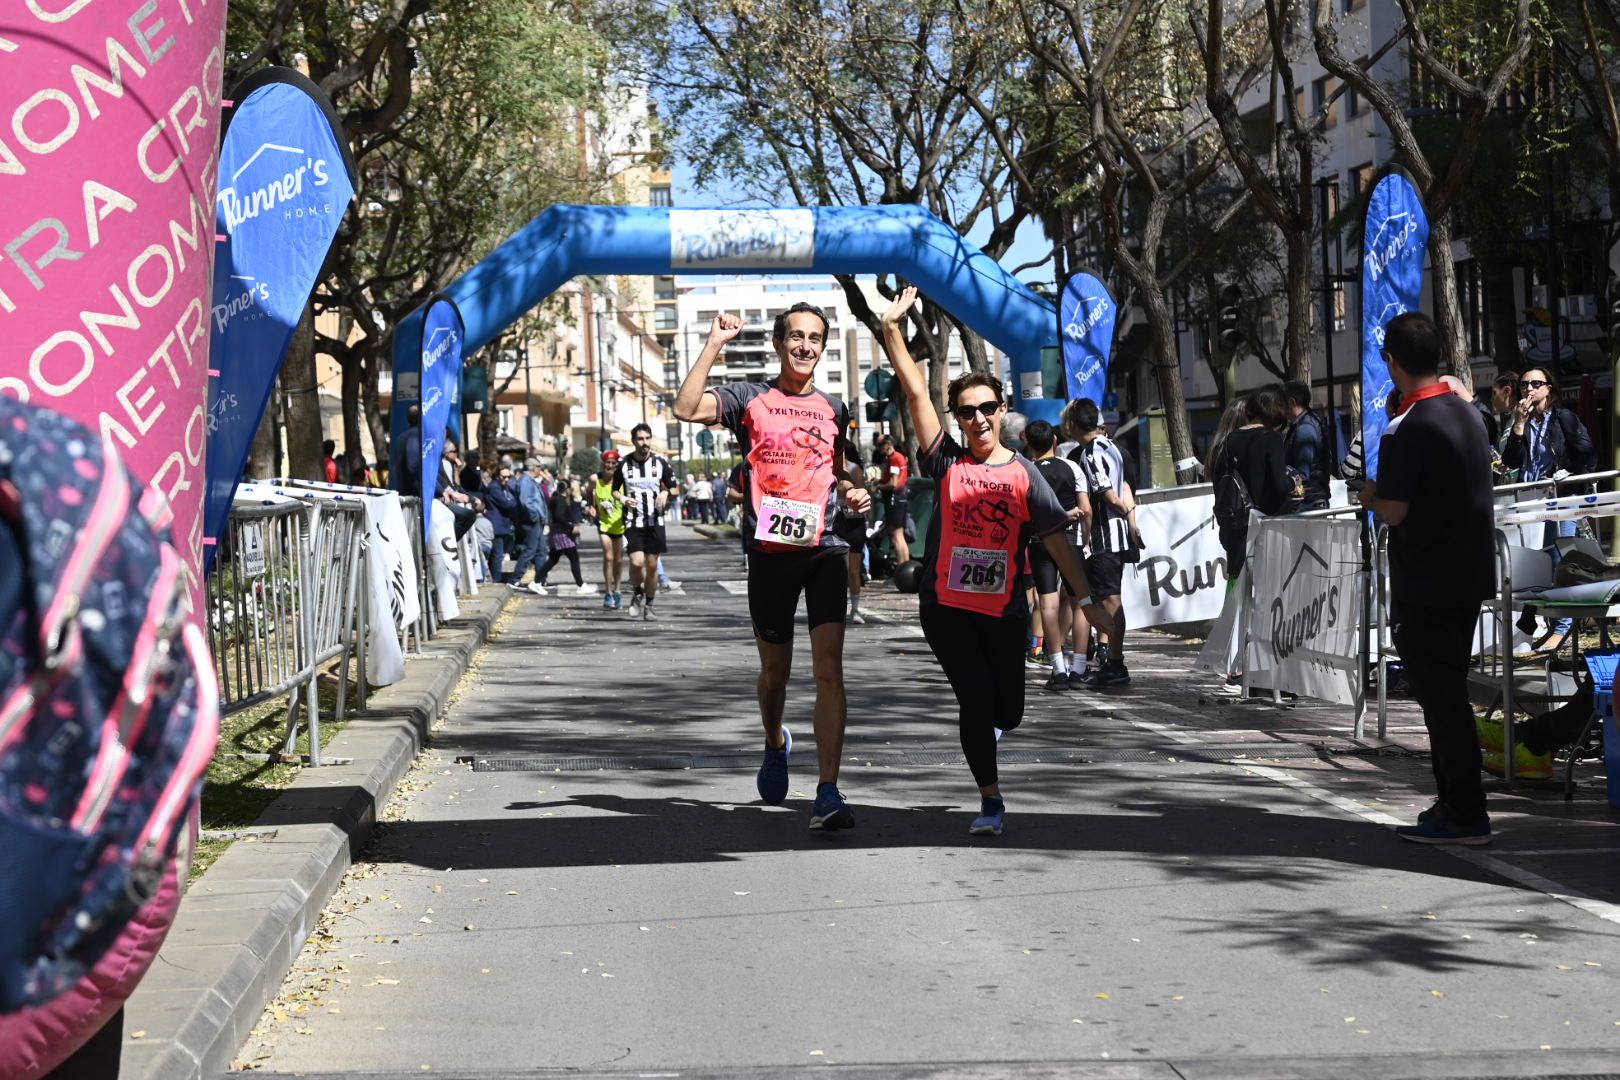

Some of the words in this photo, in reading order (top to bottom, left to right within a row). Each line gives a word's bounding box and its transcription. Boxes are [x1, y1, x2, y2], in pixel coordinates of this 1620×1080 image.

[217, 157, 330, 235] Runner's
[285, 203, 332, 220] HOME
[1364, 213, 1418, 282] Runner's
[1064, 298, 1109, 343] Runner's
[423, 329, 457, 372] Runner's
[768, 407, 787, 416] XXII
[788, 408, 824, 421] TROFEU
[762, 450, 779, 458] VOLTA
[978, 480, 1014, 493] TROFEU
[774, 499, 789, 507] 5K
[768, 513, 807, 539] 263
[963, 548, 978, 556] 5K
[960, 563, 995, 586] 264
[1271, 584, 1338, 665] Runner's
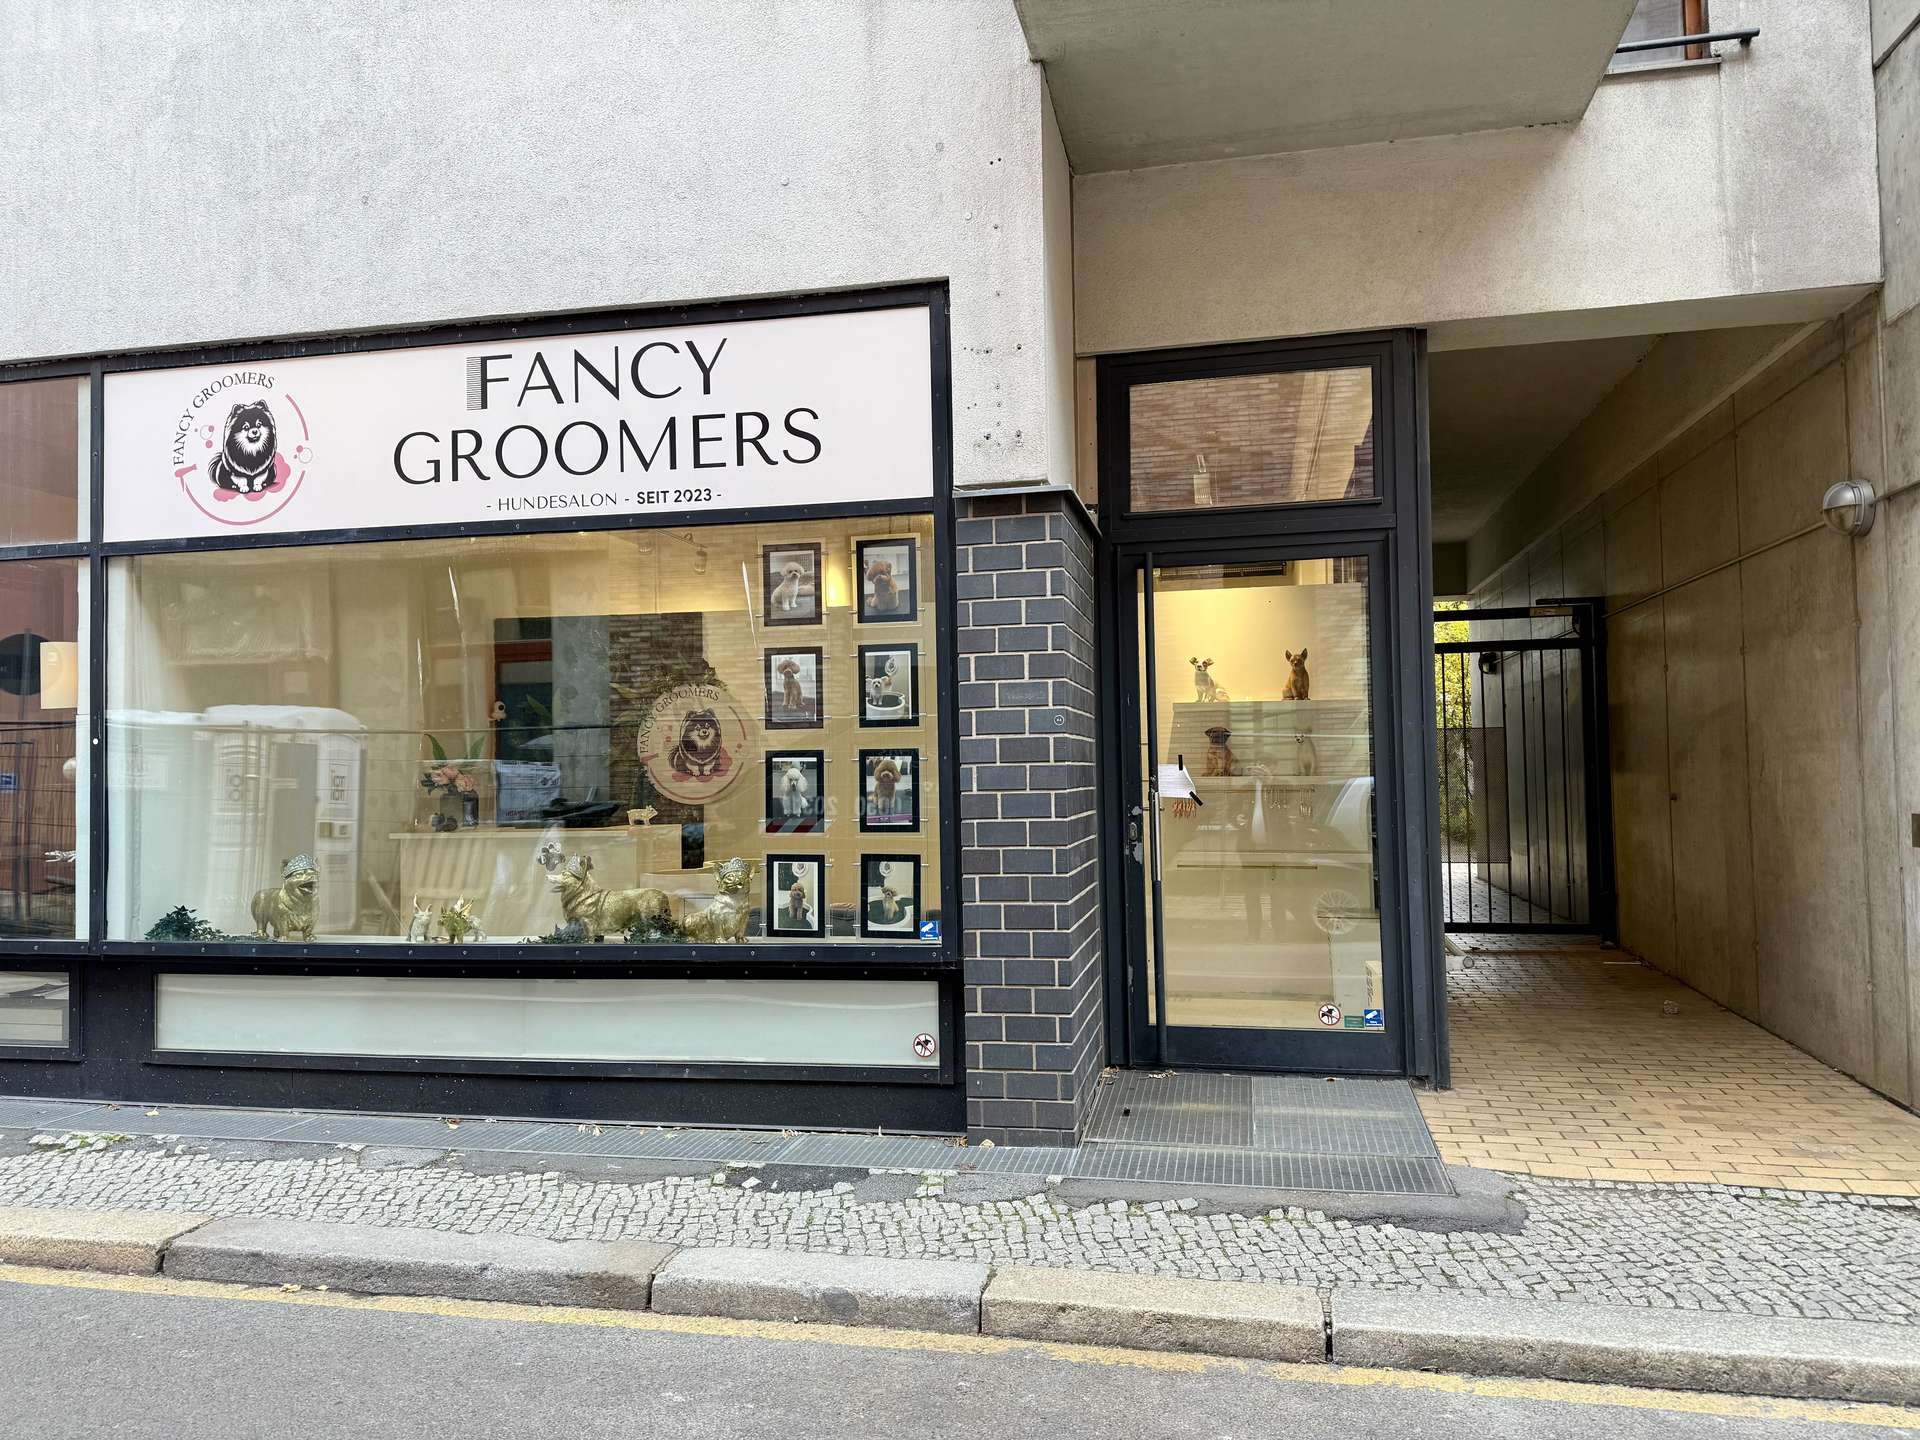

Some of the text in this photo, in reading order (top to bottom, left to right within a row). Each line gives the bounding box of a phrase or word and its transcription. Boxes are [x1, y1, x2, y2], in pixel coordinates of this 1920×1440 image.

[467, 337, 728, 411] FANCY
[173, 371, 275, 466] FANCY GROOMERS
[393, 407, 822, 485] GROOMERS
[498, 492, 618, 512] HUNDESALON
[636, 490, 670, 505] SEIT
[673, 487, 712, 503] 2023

+-------+

ACTIVITY -> Each entry is to be returned as it stands, and each picture is to be left out.

WRITTEN SOLUTION ->
Some of the words in this photo, in reading order (top to bottom, left to right within a row). Each line gives a word's bounding box and its transcription. Boxes are [x1, y1, x2, y2], in pixel coordinates of this 1620×1080 image.

[217, 157, 330, 235] Runner's
[285, 203, 332, 220] HOME
[1364, 213, 1418, 282] Runner's
[1064, 298, 1109, 343] Runner's
[423, 329, 457, 372] Runner's
[768, 407, 787, 416] XXII
[788, 408, 824, 421] TROFEU
[762, 450, 779, 458] VOLTA
[978, 480, 1014, 493] TROFEU
[774, 499, 789, 507] 5K
[768, 513, 807, 539] 263
[963, 548, 978, 556] 5K
[960, 563, 995, 586] 264
[1271, 584, 1338, 665] Runner's

Some of the text in this photo, in reading order (top to bottom, left to right within a row). Each line gives the bounding box of a phrase or word and its transcription. Boxes are [x1, y1, x2, y2], in pixel coordinates of this 1920×1440 image.

[467, 337, 728, 411] FANCY
[173, 371, 275, 466] FANCY GROOMERS
[393, 407, 822, 485] GROOMERS
[498, 492, 618, 512] HUNDESALON
[636, 490, 670, 505] SEIT
[673, 487, 712, 503] 2023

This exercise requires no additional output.